▶ _The task_
Every record must reappear in the answer exactly as given.

---*---

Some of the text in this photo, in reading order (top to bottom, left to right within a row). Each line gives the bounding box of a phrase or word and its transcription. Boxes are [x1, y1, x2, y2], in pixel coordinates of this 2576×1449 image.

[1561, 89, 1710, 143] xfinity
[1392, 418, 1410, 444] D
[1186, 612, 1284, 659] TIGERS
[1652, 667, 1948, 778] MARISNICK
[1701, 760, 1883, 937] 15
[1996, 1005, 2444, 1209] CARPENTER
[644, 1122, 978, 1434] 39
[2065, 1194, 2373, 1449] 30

---*---

▶ _Written answer_
Some of the text in this photo, in reading order (top to bottom, left to right within a row). Each line gives the bounding box of a phrase or word and its transcription. Boxes are [x1, y1, x2, y2], in pixel coordinates of this 2576×1449 image.

[1561, 89, 1710, 143] xfinity
[1392, 418, 1410, 444] D
[1186, 612, 1284, 659] TIGERS
[1652, 667, 1948, 778] MARISNICK
[1701, 760, 1883, 937] 15
[1996, 1005, 2444, 1209] CARPENTER
[644, 1122, 978, 1434] 39
[2065, 1194, 2373, 1449] 30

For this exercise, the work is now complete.